▸ **RECORDS PROVIDED**
==================================================
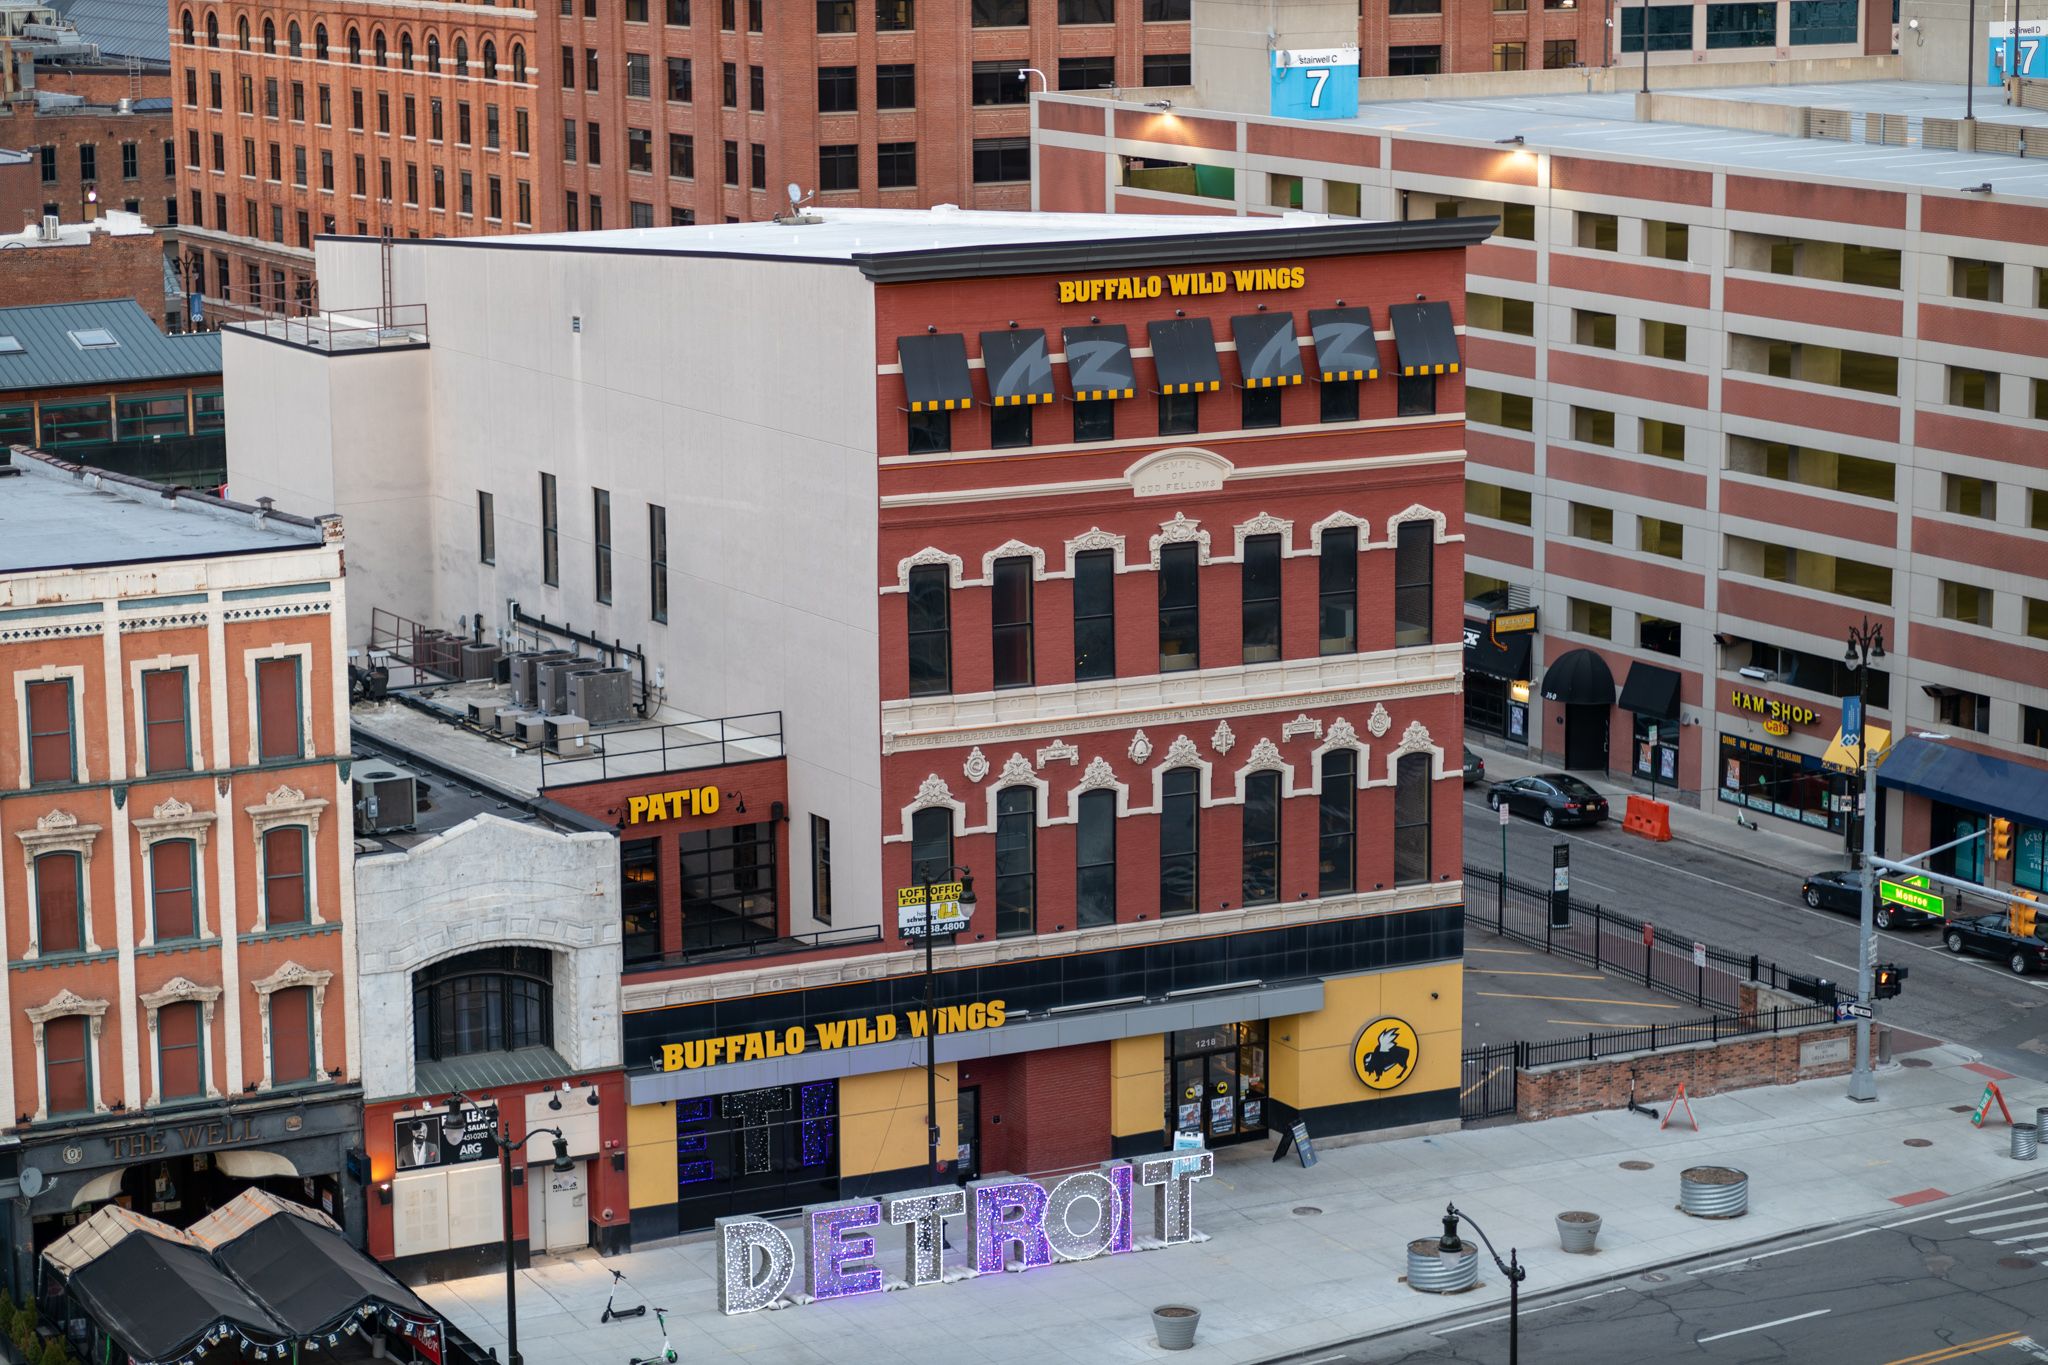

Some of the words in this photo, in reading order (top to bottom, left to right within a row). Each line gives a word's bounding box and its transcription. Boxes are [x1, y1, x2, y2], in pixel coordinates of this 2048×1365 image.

[2010, 26, 2035, 35] stirwell
[2036, 26, 2041, 34] D
[1299, 55, 1331, 65] stairwell
[1331, 54, 1338, 63] C
[2020, 39, 2039, 75] 7
[1306, 69, 1330, 108] 7
[1058, 275, 1162, 303] BUFFALO
[1167, 271, 1227, 296] WILD
[1232, 267, 1305, 292] WINGS
[1155, 460, 1201, 470] TEMPLE
[1171, 471, 1185, 479] OF
[1140, 484, 1161, 493] ODD
[1166, 480, 1216, 491] FELLOWS
[1732, 691, 1765, 713] HAM
[1771, 700, 1813, 725] SHOP
[1722, 735, 1737, 747] DINE
[1740, 739, 1747, 749] IN
[1749, 742, 1763, 753] CARRY
[1765, 746, 1774, 756] OUT
[628, 785, 720, 825] PATIO
[2024, 832, 2048, 848] ACRO
[900, 888, 927, 898] LOFT
[930, 884, 962, 895] OFFIC
[902, 897, 926, 905] FOR
[930, 893, 959, 902] LEAS
[1895, 888, 1928, 907] Monroe
[661, 1026, 805, 1072] BUFFALO
[815, 1014, 897, 1051] WILD
[906, 1000, 1006, 1038] WINGS
[1195, 1038, 1216, 1048] 1218
[107, 1132, 167, 1160] THE
[178, 1118, 262, 1150] WELL
[459, 1142, 482, 1155] ARG
[716, 1150, 1214, 1316] DETROIT
==================================================
▸ **ABOUT THIS TASK**
Each entry above must be duplicated precisely; none of the pictures may be included.

▸ **OUTPUT**
Some of the words in this photo, in reading order (top to bottom, left to right within a row). Each line gives a word's bounding box and its transcription. Boxes are [x1, y1, x2, y2], in pixel coordinates of this 2048×1365 image.

[2010, 26, 2035, 35] stirwell
[2036, 26, 2041, 34] D
[1299, 55, 1331, 65] stairwell
[1331, 54, 1338, 63] C
[2020, 39, 2039, 75] 7
[1306, 69, 1330, 108] 7
[1058, 275, 1162, 303] BUFFALO
[1167, 271, 1227, 296] WILD
[1232, 267, 1305, 292] WINGS
[1155, 460, 1201, 470] TEMPLE
[1171, 471, 1185, 479] OF
[1140, 484, 1161, 493] ODD
[1166, 480, 1216, 491] FELLOWS
[1732, 691, 1765, 713] HAM
[1771, 700, 1813, 725] SHOP
[1722, 735, 1737, 747] DINE
[1740, 739, 1747, 749] IN
[1749, 742, 1763, 753] CARRY
[1765, 746, 1774, 756] OUT
[628, 785, 720, 825] PATIO
[2024, 832, 2048, 848] ACRO
[900, 888, 927, 898] LOFT
[930, 884, 962, 895] OFFIC
[902, 897, 926, 905] FOR
[930, 893, 959, 902] LEAS
[1895, 888, 1928, 907] Monroe
[661, 1026, 805, 1072] BUFFALO
[815, 1014, 897, 1051] WILD
[906, 1000, 1006, 1038] WINGS
[1195, 1038, 1216, 1048] 1218
[107, 1132, 167, 1160] THE
[178, 1118, 262, 1150] WELL
[459, 1142, 482, 1155] ARG
[716, 1150, 1214, 1316] DETROIT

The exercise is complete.